Vice President of Sierra Leone
- In office 1984–1987
- Prime Minister: Siaka Probyn Stevens
- Preceded by: Sorie Ibrahim Koroma
- Succeeded by: Abu Bakar Kamara

Attorney General and Minister of Justice of Sierra Leone
- In office 1982–1984
- President: Siaka Probyn Stevens

Minister of Finance of Sierra Leone
- In office 1978–1981
- President: Siaka Probyn Stevens
- Preceded by: Abu Bakar Kamara
- Succeeded by: Sama Banya

Attorney General and Minister of Justice of Sierra Leone
- In office 1977–1979
- President: Siaka Probyn Stevens

Minister of Foreign Affairs
- In office 1975–1977
- President: Siaka Probyn Stevens

Minister of Trade and Industry
- In office 1973–1975
- President: Siaka Probyn Stevens

House of Representatives of Sierra Leone Member
- In office 1967–1987

Personal details
- Born: Francis Misheck Minah 19 August 1929 Sawula, Pujehun District, British Sierra Leone
- Died: Freetown, Sierra Leone
- Cause of death: Execution (hanging)
- Citizenship: Sierra Leone
- Party: All People's Congress (APC)
- Spouse: Gladys Emuchay Minah
- Children: 6 children
- Education: Methodist Boys High School
- Alma mater: King's College London
- Occupation: Politician
- Profession: Lawyer
- Awards: Commander, Order of the Republic of Sierra Leone (C.O.R.S.L.) United Nations Educational fellowship

= Francis Minah =

Sierra Leonean statesman, lawyer and politician

Francis Misheck Minah (19 August 1929 - 1989) was a Sierra Leonean statesman, lawyer and politician who served as First Vice President of Sierra Leone from 1985 to 1987 under President Siaka Stevens. An ethnic Mende from the Pujehun District, he became a member of the House of Representatives in 1967. He had previously served as Minister of Foreign Affairs, Minister of Health, Minister of Trade and Industry and Attorney General and Minister of Justice.

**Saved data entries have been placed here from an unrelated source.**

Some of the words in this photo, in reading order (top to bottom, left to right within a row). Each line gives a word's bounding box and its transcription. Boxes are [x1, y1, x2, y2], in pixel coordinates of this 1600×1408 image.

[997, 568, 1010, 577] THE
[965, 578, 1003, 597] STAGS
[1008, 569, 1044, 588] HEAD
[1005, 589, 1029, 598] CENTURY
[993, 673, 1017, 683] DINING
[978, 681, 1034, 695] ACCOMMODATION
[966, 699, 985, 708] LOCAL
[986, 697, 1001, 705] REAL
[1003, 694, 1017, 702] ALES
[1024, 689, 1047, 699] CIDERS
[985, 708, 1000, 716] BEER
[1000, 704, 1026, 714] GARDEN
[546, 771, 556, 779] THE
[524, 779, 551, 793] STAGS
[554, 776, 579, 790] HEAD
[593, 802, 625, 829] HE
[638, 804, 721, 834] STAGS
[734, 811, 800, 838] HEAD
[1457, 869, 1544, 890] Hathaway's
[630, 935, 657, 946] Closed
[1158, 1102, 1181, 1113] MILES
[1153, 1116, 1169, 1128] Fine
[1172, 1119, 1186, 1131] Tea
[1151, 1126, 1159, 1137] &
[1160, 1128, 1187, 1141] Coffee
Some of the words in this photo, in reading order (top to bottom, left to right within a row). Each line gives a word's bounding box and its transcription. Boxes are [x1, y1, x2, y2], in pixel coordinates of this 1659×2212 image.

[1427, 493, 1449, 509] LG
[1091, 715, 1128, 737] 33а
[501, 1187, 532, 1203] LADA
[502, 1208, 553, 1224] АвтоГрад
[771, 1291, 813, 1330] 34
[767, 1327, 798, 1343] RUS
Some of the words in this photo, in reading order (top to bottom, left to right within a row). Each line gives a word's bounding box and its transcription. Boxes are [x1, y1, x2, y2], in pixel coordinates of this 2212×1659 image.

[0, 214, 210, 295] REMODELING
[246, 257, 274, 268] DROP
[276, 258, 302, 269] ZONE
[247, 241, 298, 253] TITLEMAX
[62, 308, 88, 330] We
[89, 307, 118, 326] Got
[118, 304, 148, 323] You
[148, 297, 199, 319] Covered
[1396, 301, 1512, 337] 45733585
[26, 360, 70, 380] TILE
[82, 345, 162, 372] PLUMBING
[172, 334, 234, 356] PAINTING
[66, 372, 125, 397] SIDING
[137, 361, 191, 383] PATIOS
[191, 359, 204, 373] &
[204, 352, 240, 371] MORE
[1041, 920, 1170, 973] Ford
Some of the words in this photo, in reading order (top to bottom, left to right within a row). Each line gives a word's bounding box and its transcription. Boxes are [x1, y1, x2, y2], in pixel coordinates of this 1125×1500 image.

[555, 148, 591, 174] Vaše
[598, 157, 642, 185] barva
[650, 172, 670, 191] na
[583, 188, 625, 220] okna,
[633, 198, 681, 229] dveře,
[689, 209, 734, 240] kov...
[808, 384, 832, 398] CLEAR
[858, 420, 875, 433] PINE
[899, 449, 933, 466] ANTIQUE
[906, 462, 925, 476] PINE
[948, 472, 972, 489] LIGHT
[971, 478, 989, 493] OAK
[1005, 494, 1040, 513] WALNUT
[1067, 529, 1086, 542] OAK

In 1987, Minah was investigated by Inspector General Bambay Kamara for plotting a coup against President Joseph Saidu Momoh. He was convicted along with 17 others after a five-month trial and subsequently hanged for treason in 1989. A team of international oberservers from Norway, Sweden, Switzerland, Algeria and South Korea all concurred that the trial was justified, and was not politically motivated.

==Early life and education==
Minah was born on 19 August 1929 in Sawula, Pujehun District, British Sierra Leone. He was a cousin of Siaka Probyn Stevens. He received his education at Methodist Boys High School and read law at King's College London. In 1962, he was called to the bar at Grays Inn.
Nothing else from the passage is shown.